Monday, April 04, 2005

And All I Can Do is Read a Book to Stay Awake...

Here's a meme grokked from Mark at clickmomukhamo:

Books at my bedside: Right now, it's my priority books-to-read at my night-table which includes...

  1. Ombria in Shadow by Patricia McKillip
  2. One Day the Ice Will Reveal All Its Dead by Clare Dudman
  3. The School of Night by Alan Wall
  4. Phantom Islands of the Atlantic by Donald Johnson

Sorry, no pictures.

I'm currently debating whether to get John Clute's Appleseed, which I saw in Books for Less Pearl Drive. Clute's well-known as a SFF critic and scholar coupled with his regular column Excessive Candour at Scifi Weekly. However, what's not as well-known was that he wrote a science-fiction novel. Let's see how he does...

You’re stuck inside Fahrenheit 451, which book do you want to be? Not that I advocate book burning. But if you're going to do it, do it right. In which case, I'd be Dan Brown's The Da Vinci Code. Burn, motherfucker, burn!

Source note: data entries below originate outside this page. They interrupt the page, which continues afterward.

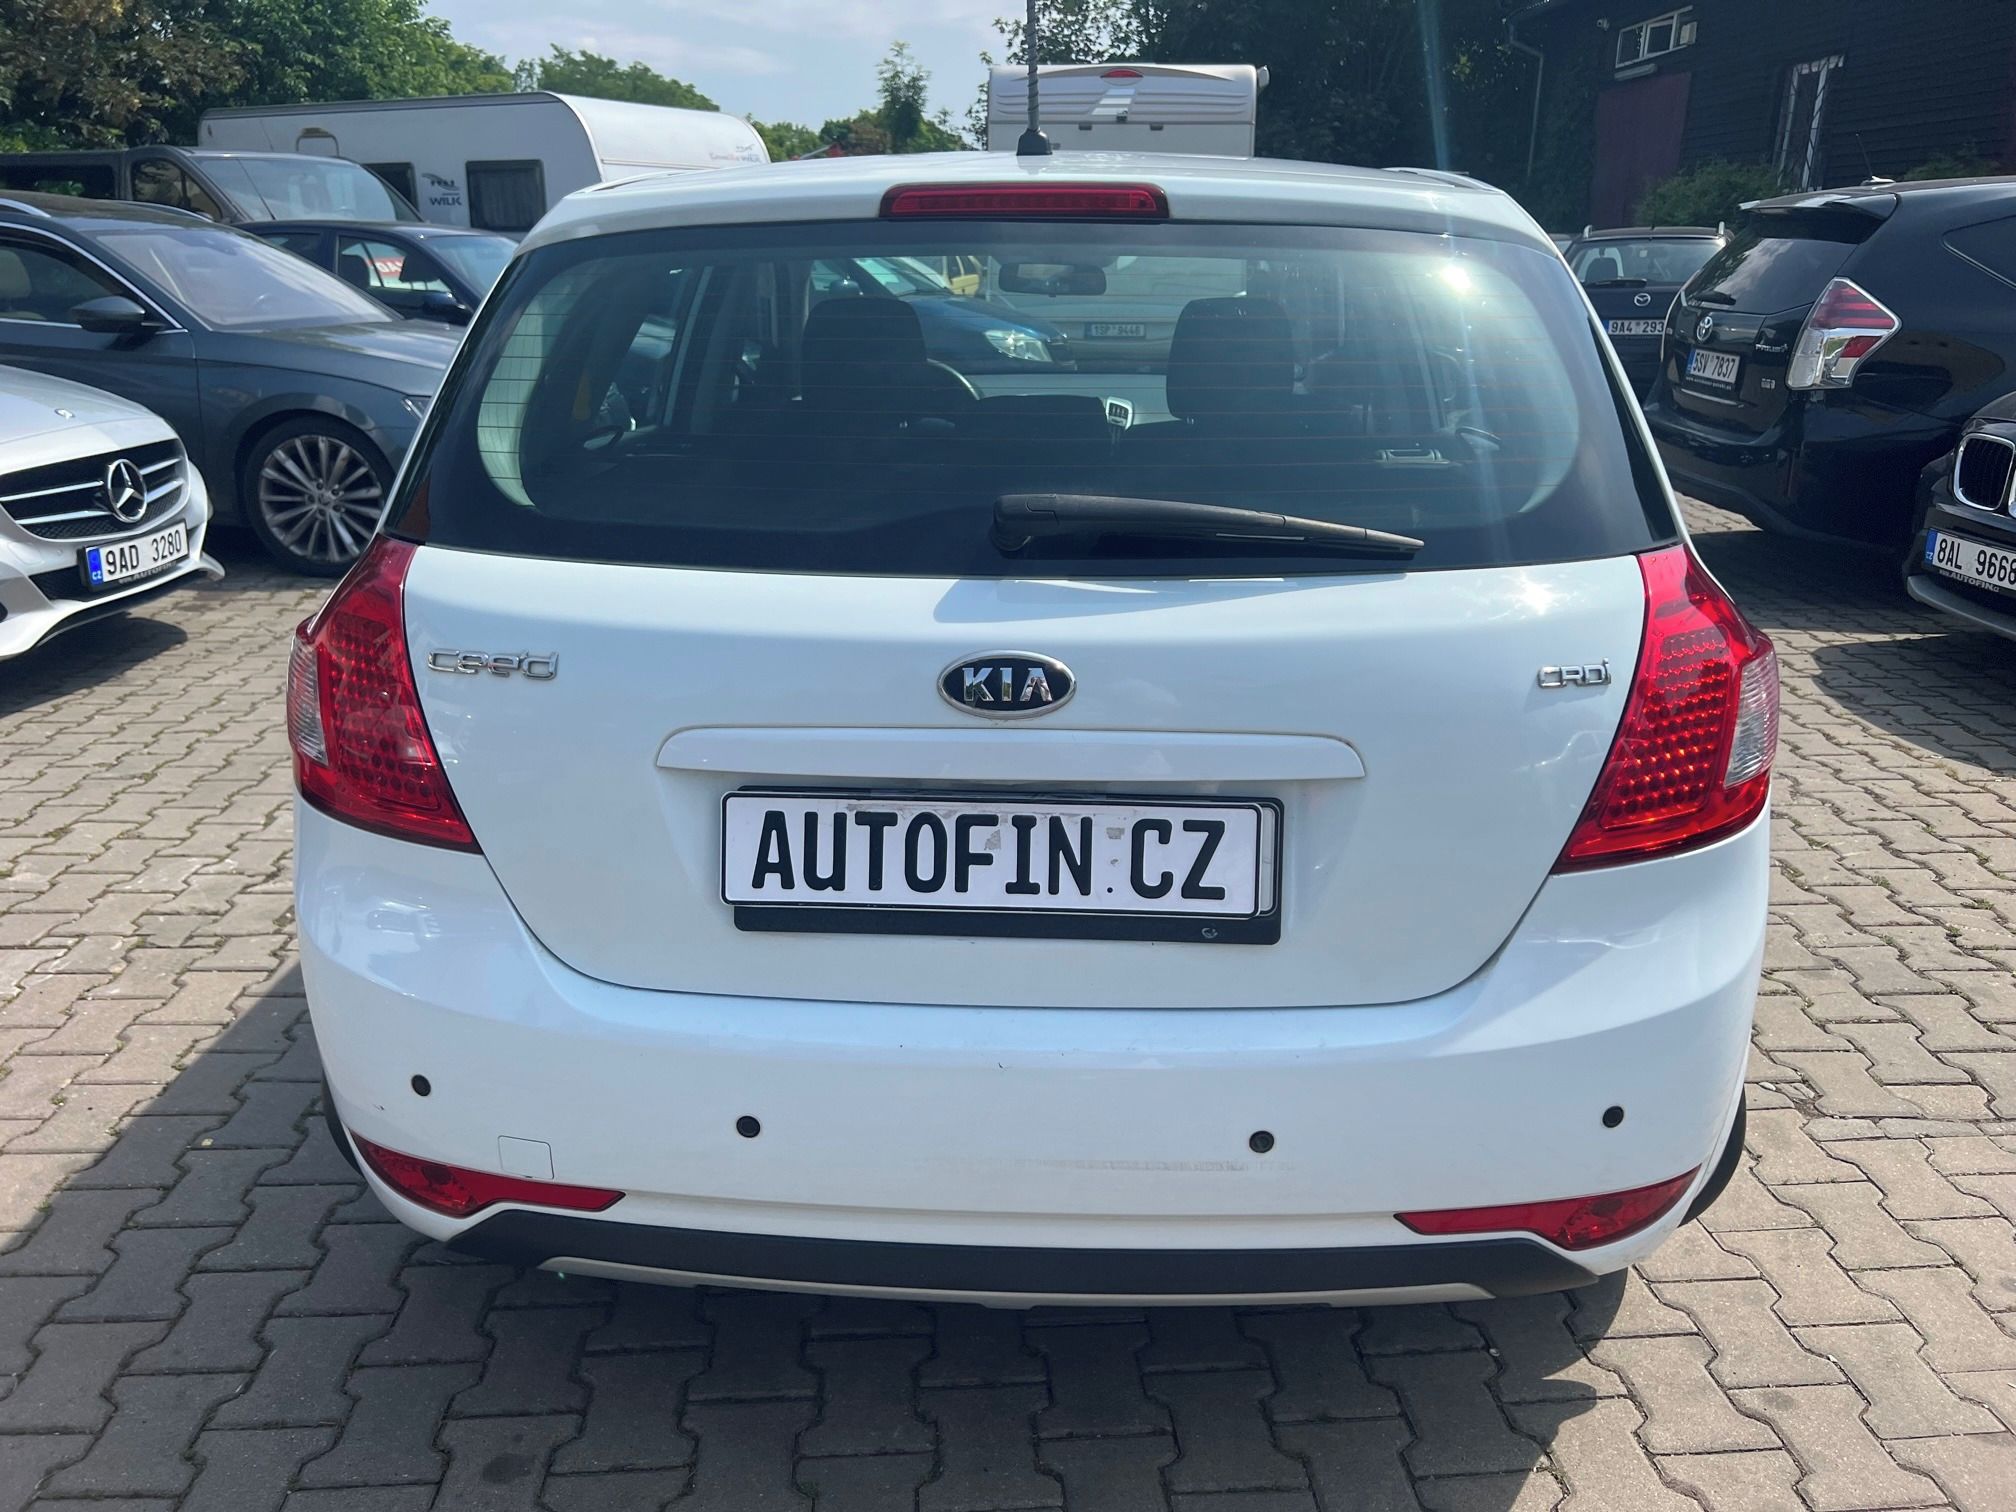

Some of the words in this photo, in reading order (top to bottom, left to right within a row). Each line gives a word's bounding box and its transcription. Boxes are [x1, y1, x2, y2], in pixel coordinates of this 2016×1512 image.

[429, 197, 462, 206] WILK
[1611, 321, 1633, 333] 9A4
[1642, 321, 1665, 333] 293
[1692, 352, 1709, 374] 5SV
[1711, 355, 1736, 379] 7837
[91, 570, 102, 580] CZ
[105, 544, 140, 576] 9AD
[151, 529, 182, 562] 3280
[1937, 538, 1963, 570] 8AL
[1975, 549, 2016, 586] 9668
[961, 667, 1053, 702] KIA
[1537, 657, 1611, 688] CRDi
[751, 810, 1226, 901] AUTOFIN.CZ

Have you ever had a crush on a fictional character? Nup. I have a vivid imagination but not for people.

The last book you’ve bought is: The Swords of Night and Day by David Gemmell

The last book you’ve read: Jonathan Strange and Mr Norrell by Susannah Clarke.

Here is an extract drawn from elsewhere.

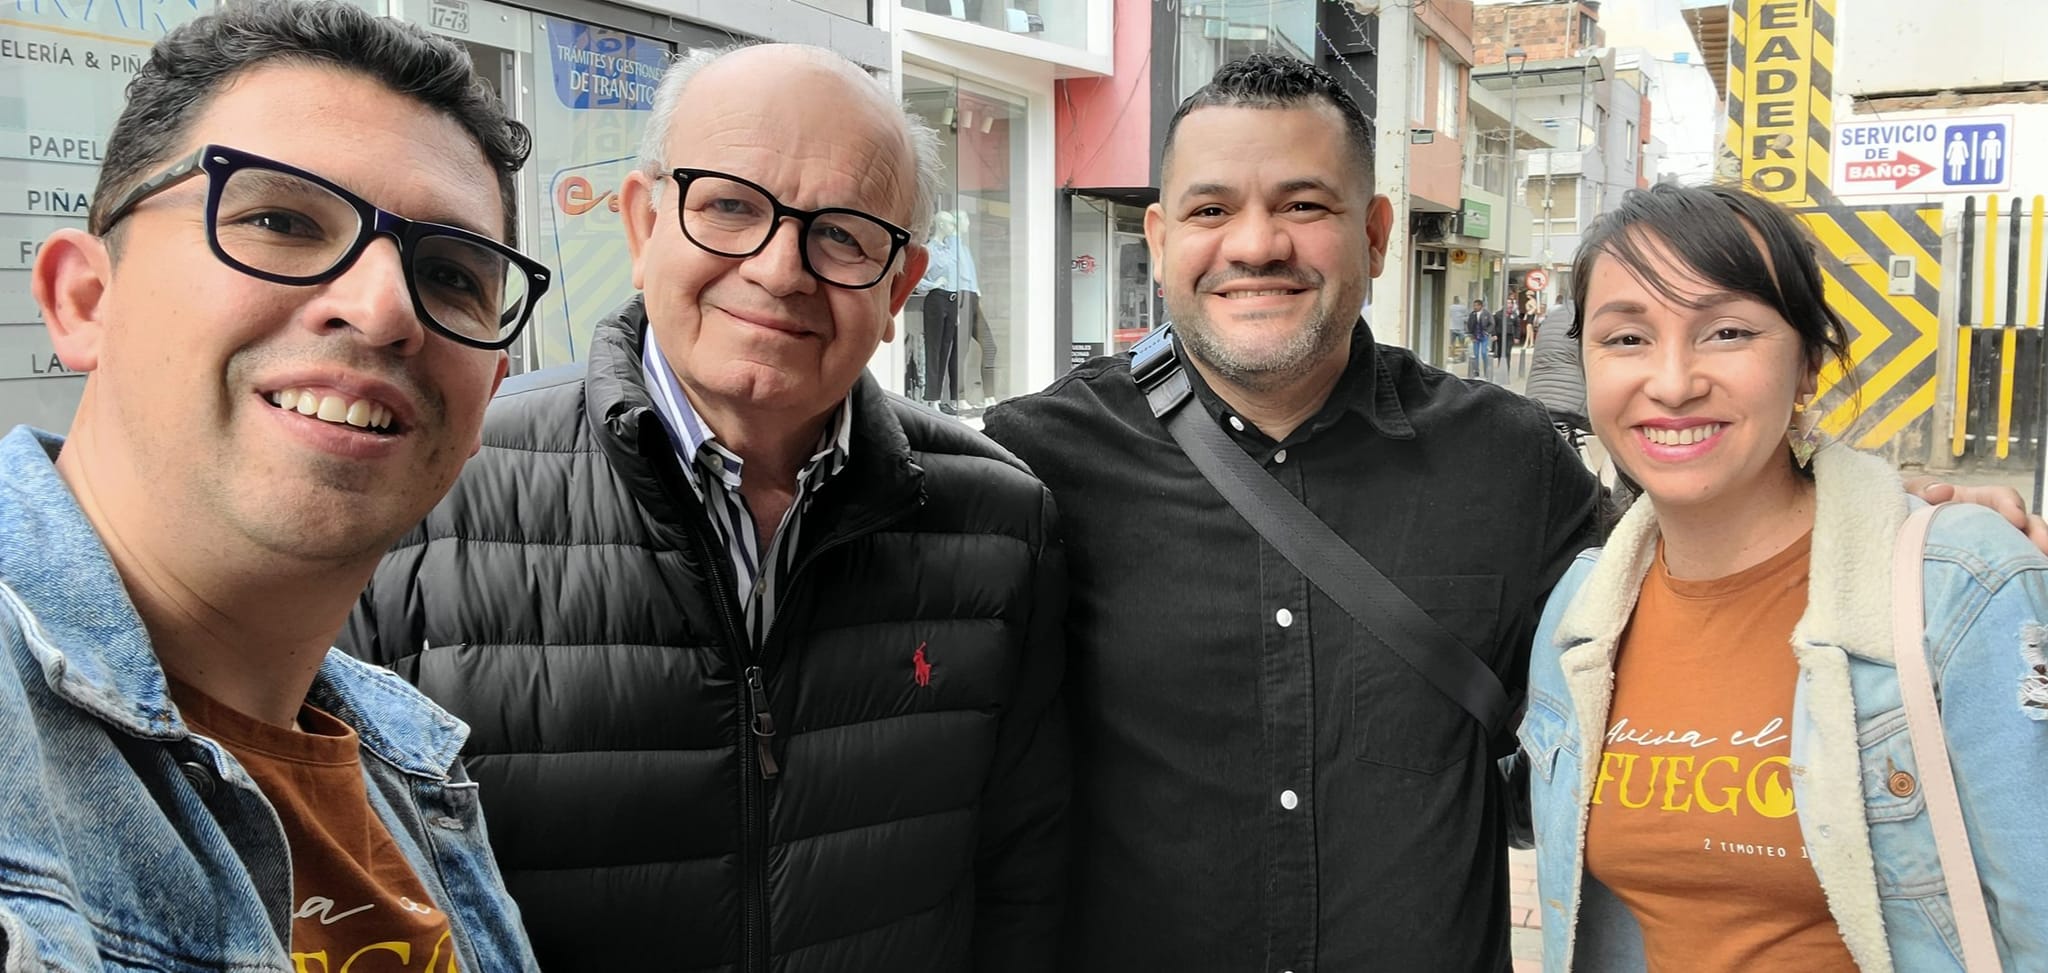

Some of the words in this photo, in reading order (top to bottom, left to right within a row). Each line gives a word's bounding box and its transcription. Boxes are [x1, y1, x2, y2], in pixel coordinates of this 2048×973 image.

What are you currently reading? The same Phantom Islands (my non-fiction bent), Viriconium by M. John Harrison (taking a long time but rich with things to ponder), Invisible Cities by Italo Calvino (highly recommended by JP), and Leviathan 3 (for some short fiction).

Five books you would take to a deserted island: Mervyn Peake's opus Gormenghast (if you're going to go gothic, why not on a deserted island, right?); Harlan Ellison's The Essential Ellison: A 50 Year Retrospective (a massive tome that, at its size, will double as a weapon); Evangeline Walton's Mabinogion Tetralogy (another big book that can serve as a pillow); either a complete collection of Ernest Hemingway's short stories or William Shakespeare's works (if I'm on a deserted island in the Mediterranean, I'll take Hemingway, if not, Shakespeare); and the Bible (my first book of adventure/ mystery/ horror/ drama, I swear).

And like Mark, I need lots and lots of writing material.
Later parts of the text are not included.